Cependant les définitions peirciennes du signe (18), même les plus vagues, se distinguent de la définition naïve rappelée ci-dessus en rajoutant "pour quelqu'un". Un signe est donc une chose qui vaut pour une autre chose pour quelqu'un". Cette différence ouvre en fait un nouveau paradigme sémiotique vis à vis des définitions saussurienne et hjelmslévienne qui sont toutes deux binaires et qui présupposent donc un sujet universel à l'oeuvre dans les couples signifiant/signifié ou expression/contenu (19).

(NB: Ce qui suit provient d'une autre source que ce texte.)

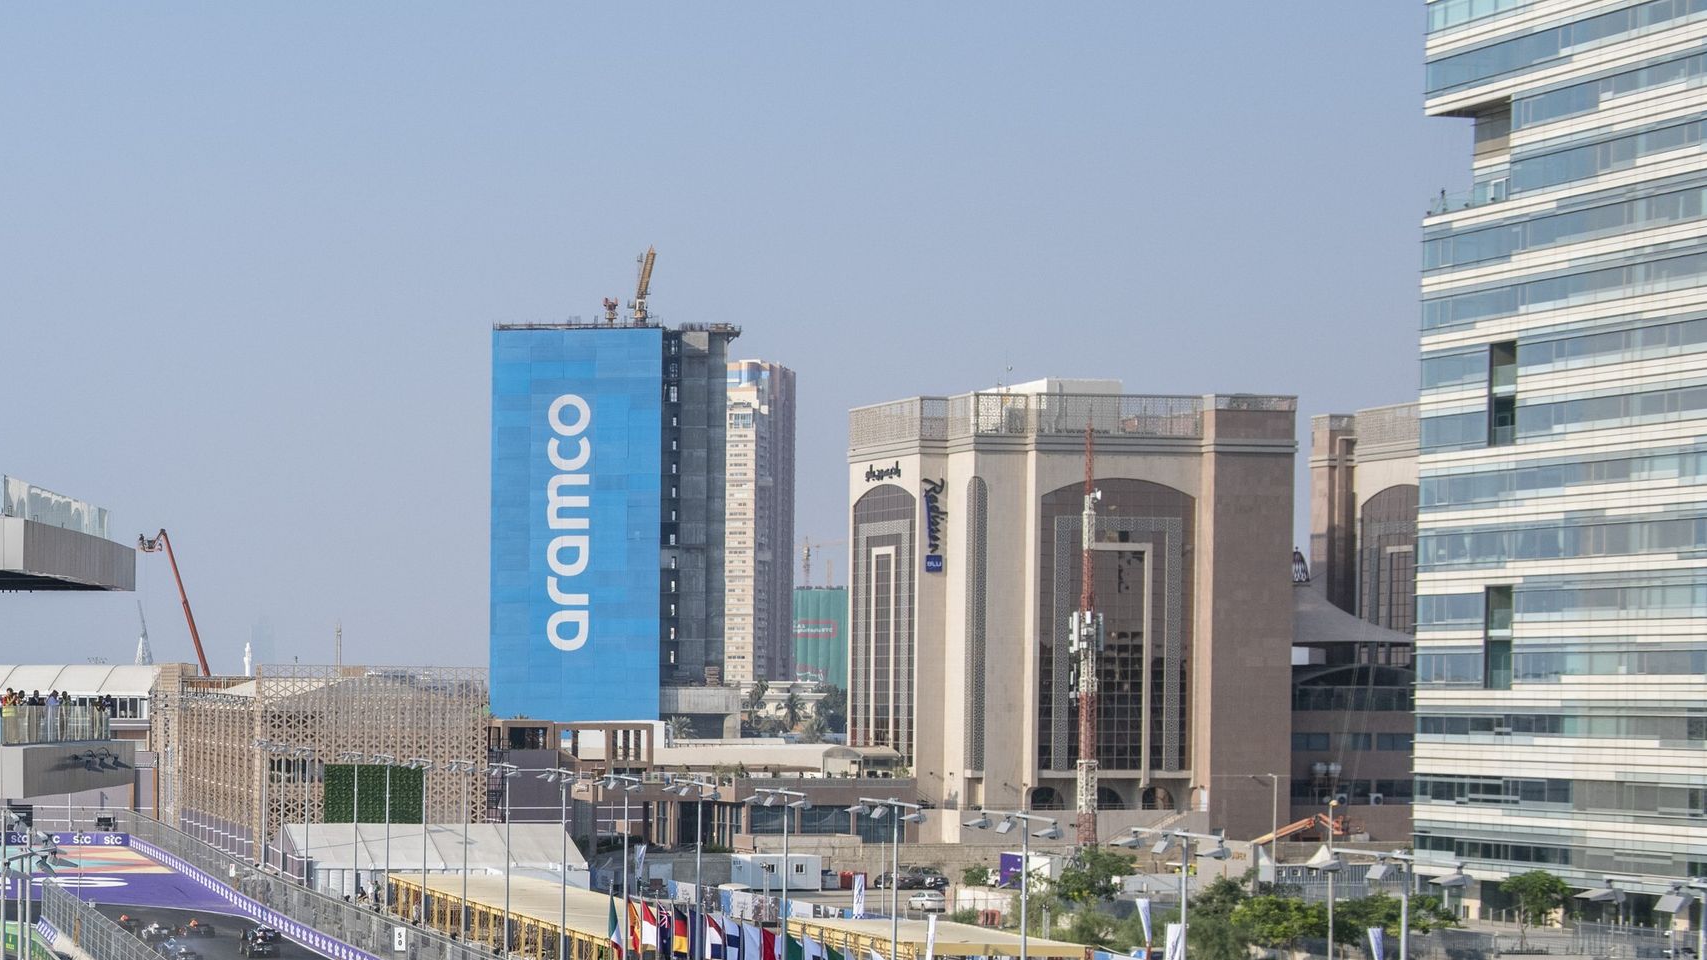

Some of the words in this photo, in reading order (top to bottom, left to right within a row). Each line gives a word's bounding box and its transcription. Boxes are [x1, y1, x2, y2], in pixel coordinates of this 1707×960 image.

Notre modélisation de la forme et des connexions entre formes nous donne la possibilité de décrire comment une forme qui n'est pas en relation directe avec les sens et/ou l'esprit peut être présente à l'esprit par l'intermédiaire d'une forme déjà-là. Il suffit en effet que cette dernière lui soit connectée au moyen d'une partie commune qui fonctionne comme un "aperçu" de la forme absente incorporé dans la forme présente. C'est à partir de cet aperçu extrait de cette dernière que l'esprit pourra, par un jeu d'inférences, reconstruire la forme de l'objet absent du champ de l'expérience actuelle. Il y aura donc bi-présence de deux objets connectés par une sous-forme de chacun d'eux capable de fonctionner comme un aperçu de l'objet absent. La connexion est précisément la relation établie par l'identification des deux sous-formes. Mais cette sous-forme commune est aussi dans l'esprit qui la sélectionne dans la perception du signe. Etant à la fois dans les trois instances concernées elle établit une relation authentiquement triadique entre ce que Peirce appelle le signe (la chose qui représente) l'objet du signe (la chose représentée) et l'interprétant (la détermination de l'esprit qui forme un aperçu de l'objet en la sélectionnant dans une perception du signe). C'est en ce sens qu'on peut justifier formellement l'affirmation Peircienne selon laquelle un signe est triadique. Quant au couple signifiant matériel/signifié conceptuel, il ne peut guère renvoyer qu'à des choses immatérielles pour un sujet universel, c'est-à-dire le même pour tous les sujets réels. A ce titre il est normatif et conduit à prescrire plutôt qu'à décrire.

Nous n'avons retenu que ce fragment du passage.